Atatürk Üniversitesinde “Sağlıklı Yaşam İçin Sağlıklı Topraklar” konulu konferans düzenlendi.

Kültür Merkezi Mavi Salonda, Atatürk Üniversitesi Ziraat Fakültesi Toprak Bilimi ve Bitki Besleme Bölümü Öğretim Üyesi Prof. Dr. Nesrin Yıldız tarafından 5 Aralık Dünya Toprak Günü münasebetiyle düzenlenen konferansa Ziraat Fakültesi Dekanı Prof. Dr.
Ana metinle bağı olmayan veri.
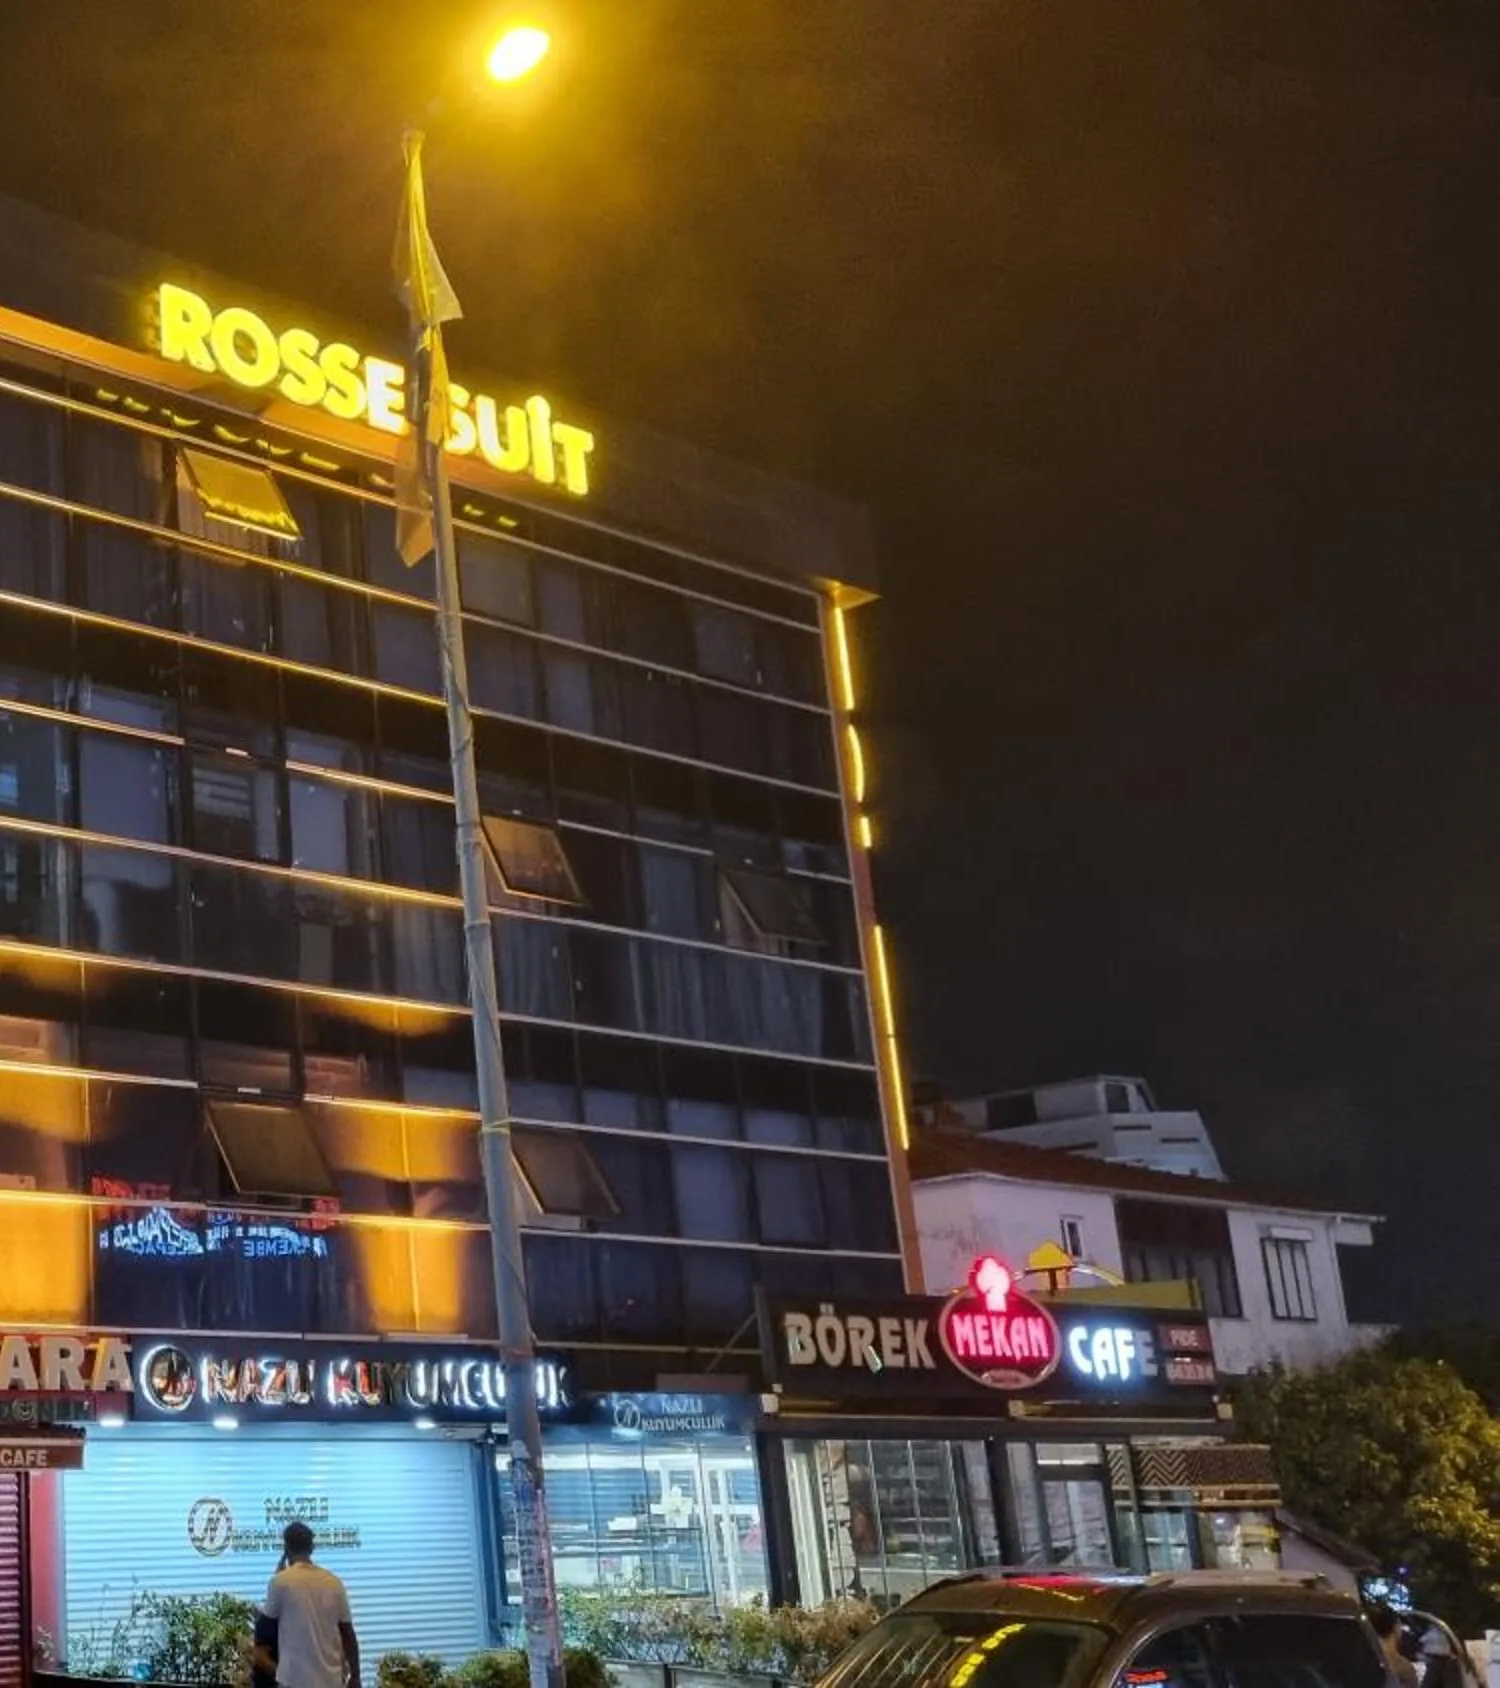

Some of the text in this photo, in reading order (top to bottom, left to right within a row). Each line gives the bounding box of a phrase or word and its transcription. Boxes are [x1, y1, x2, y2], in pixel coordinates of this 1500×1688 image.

[159, 283, 411, 436] ROSSE
[784, 1303, 1158, 1381] BÖREK MEKAN CAFE
[199, 1356, 572, 1409] NAZLI KUYUMCUUK
[0, 1449, 49, 1467] CAFE
Önder Çalmaşur, kamu kurumu temsilcileri, öğretim üyeleri ve çok sayıda öğrenci katıldı.

Toprakların, dünyanın en büyük karasal karbon havuzları olduğunu ve küresel gıda üretiminin yaklaşık %95’inin üretimini sağladıklarını ifade ederek konuşmasına başlayan Prof. Dr. Nesrin Yıldız, bu nedenle toprağın, küresel ve ulusal gıda güvenliğinin temel unsurunu oluşturduğunu söyledi.
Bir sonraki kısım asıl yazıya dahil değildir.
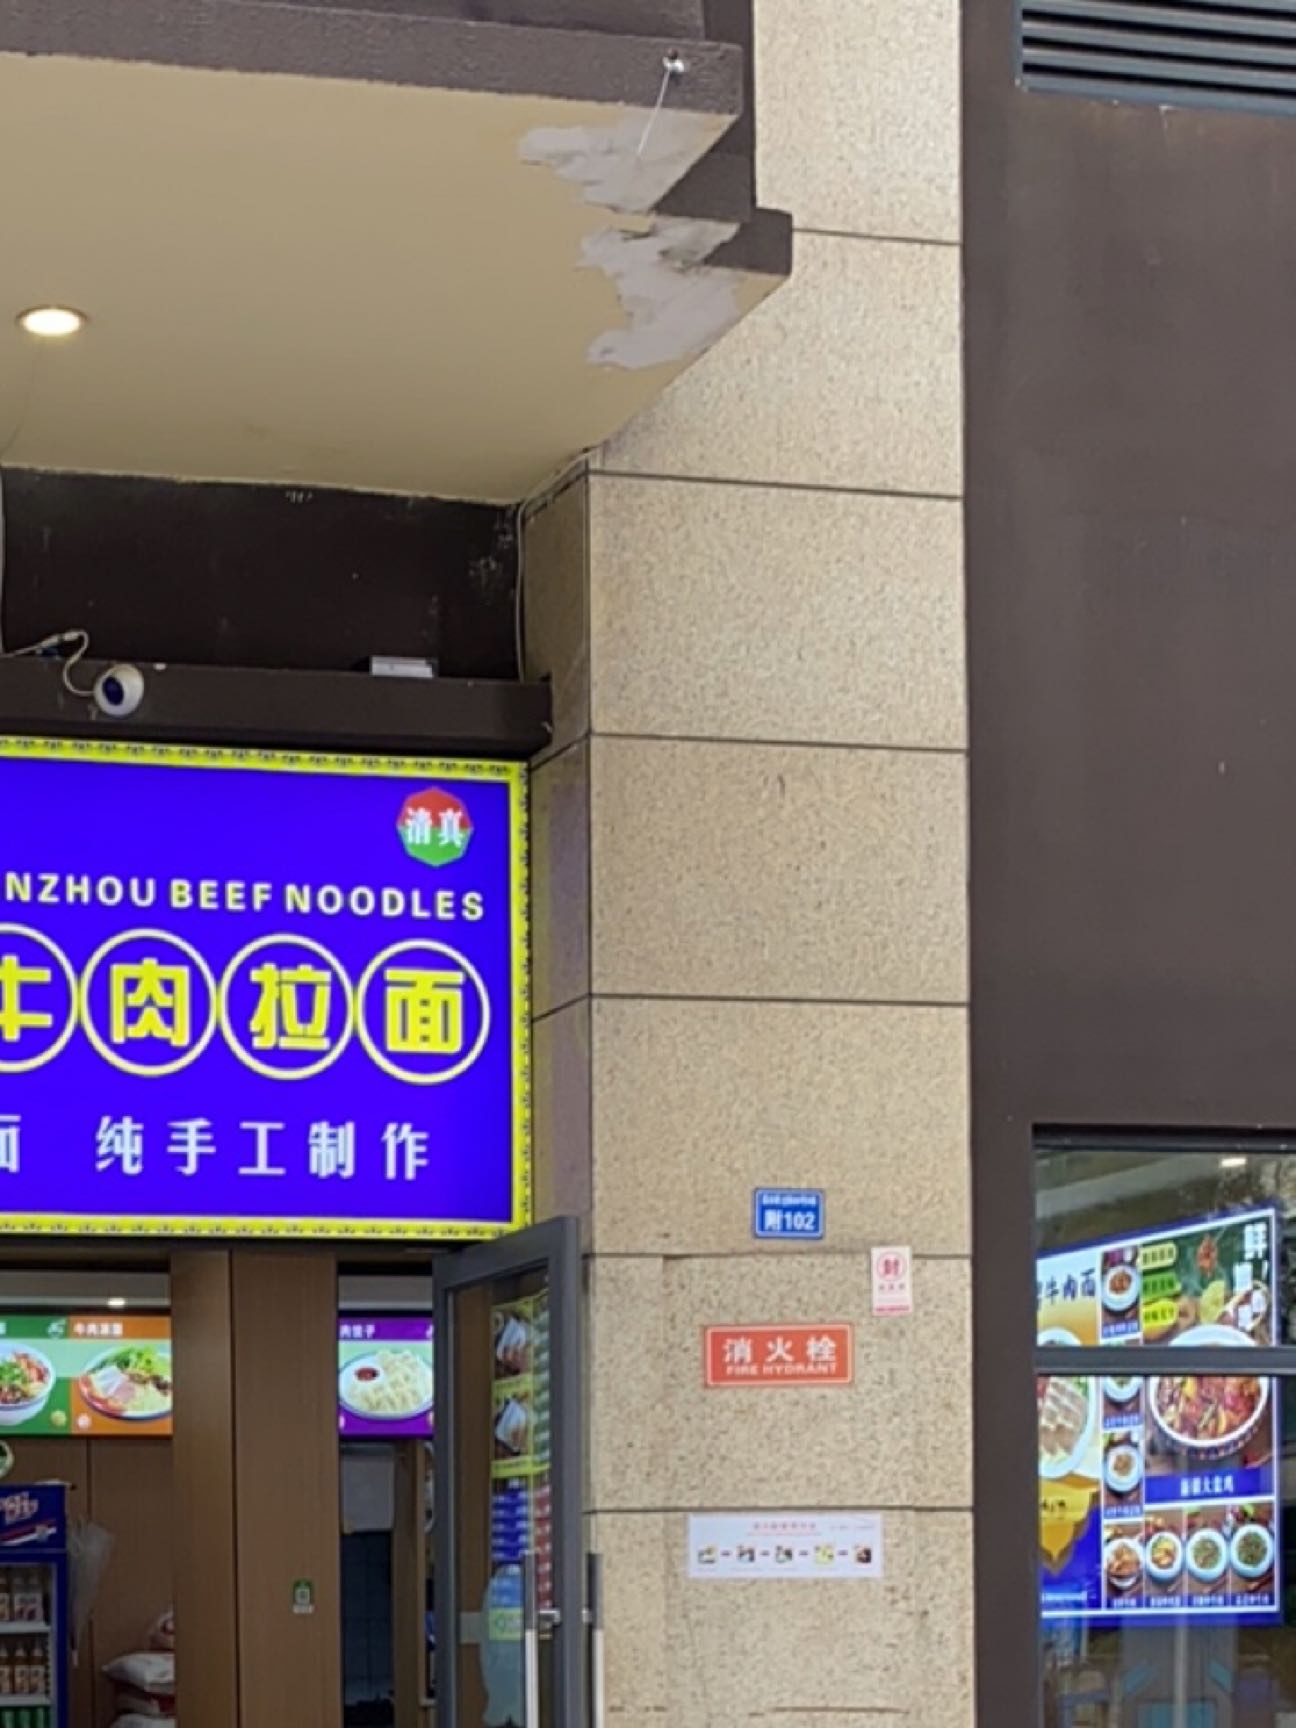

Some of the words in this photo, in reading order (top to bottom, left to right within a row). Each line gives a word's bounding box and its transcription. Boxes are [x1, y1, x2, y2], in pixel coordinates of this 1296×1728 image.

Dünya tarım topraklarının 3’de 1’nin yoğun tarım ve yanlış tarımsal uygulamalar nedeniyle akut olarak bozulmuş olduğuna vurgu yapan Yıldız: “Dünyada ekili alanlarının % 20’sinde verimlilik azalması, %16’sında orman arazileri, %19’unda otlaklar ve % 27’sinde mera alanlarının azaldığı gözlenmekte. Kısacası, dünya nüfusu arttıkça gıda güvenliği sorunları da artıyor ve toprak verimliliğini koruma ve bozulmayı en aza indirme ihtiyacını doğuruyor. Birleşmiş Milletler Gıda ve Tarım Örgütü (FAO) bu tehlikeye dikkat çekmek için 5 Aralık 2015 yılını Dünya Toprak günü olarak deklare etti ve bu sebeple her yıl 5 Aralık günü dünya toprak günü olarak kutlanıyor. Bu vesileyle özellikle tarım topraklarının tehdit alında kaldığı potansiyel tehlikelere dikkat çekilmek hedefleniyor” şeklinde konuştu.

“Sağlıklı İnsanlar İçin Sağlıklı Topraklara İhtiyaç Vardır”

Bir ülkenin sanayisi ne kadar gelişirse gelişsin, ne kadar modern şehirlere, gelişmiş teknolojilere sahip olursa olsun insanların yaşayabilmeleri için gıdaya gereksinimleri olduğunu vurgulayan Prof. Dr. Yıldız: “Bu anlamda bir ülke kendi kendine yetebilmeyi başarmalıdır. Bu amaca ulaşmak için en temel kaynak topraktır, üretimin beşiğidir, rahmidir, anasıdır. Toprak dirimizi besler ölümüzü saklar.

Sağlıklı Toprak; karbon depolayan, sera gazı emisyonlarını azaltan, su kalitesini, çiftlik kârlılığını, kuraklığa dayanıklılığı ve besin kullanılabilirliğini artıran, tozlayıcı habitatı sağlayan ve birçok bitki hastalığını bastıran topraktır. Yapılan birçok araştırma, toprak bozulmasının gıda olarak üretilen besinleri ve insan sağlığını doğrudan etkilediğine işaret etmektedir. Bu nedenle yalnızca ne yediğimiz değil, yediklerimizin nasıl üretildiği de önemlidir” ifadelerini kullandı.

“Ele Ele Vermeliyiz”

Sonuç olarak 2050 yılına kadar 9.8 milyar insanı beslemek zorunda kalacak tarım sistemlerine sahip toprak yönetimine ihtiyaç duyulduğunu belirten Prof. Dr. Nesrin Yıldız: “Son yıllarda tarım topraklarımızın büyük çoğunluğu, onları üretken kılan temel yapı taşlarının %40 ile 60’nı kaybetti. İklim değişikliği nedeniyle ortaya çıkan kuraklık dünyadaki ekilebilir arazilerin % 30 undan fazlasını etkileyecek. Dünyamızı eski haline getirebilmek için ele ele vermeliyiz, insanlık tarihinde tarımsal faaliyetlerimizde dönüşümler yaparak bu zorlukları ele almamız gereken kritik bir noktadayız. Bu vesileyle 5 Aralık Dünya Toprak Günü kapsamında düzenlediğimiz konferansın farkındalık oluşturmasını temenni ediyor, etkinliğimizin düzenlenmesinde katkısı olan başta Rektör Prof. Dr. Ömer Çomaklı olmak üzere, fakülte yönetimimize, öğrencilerimize ve katılımcılara teşekkür ediyorum” diye konuştu.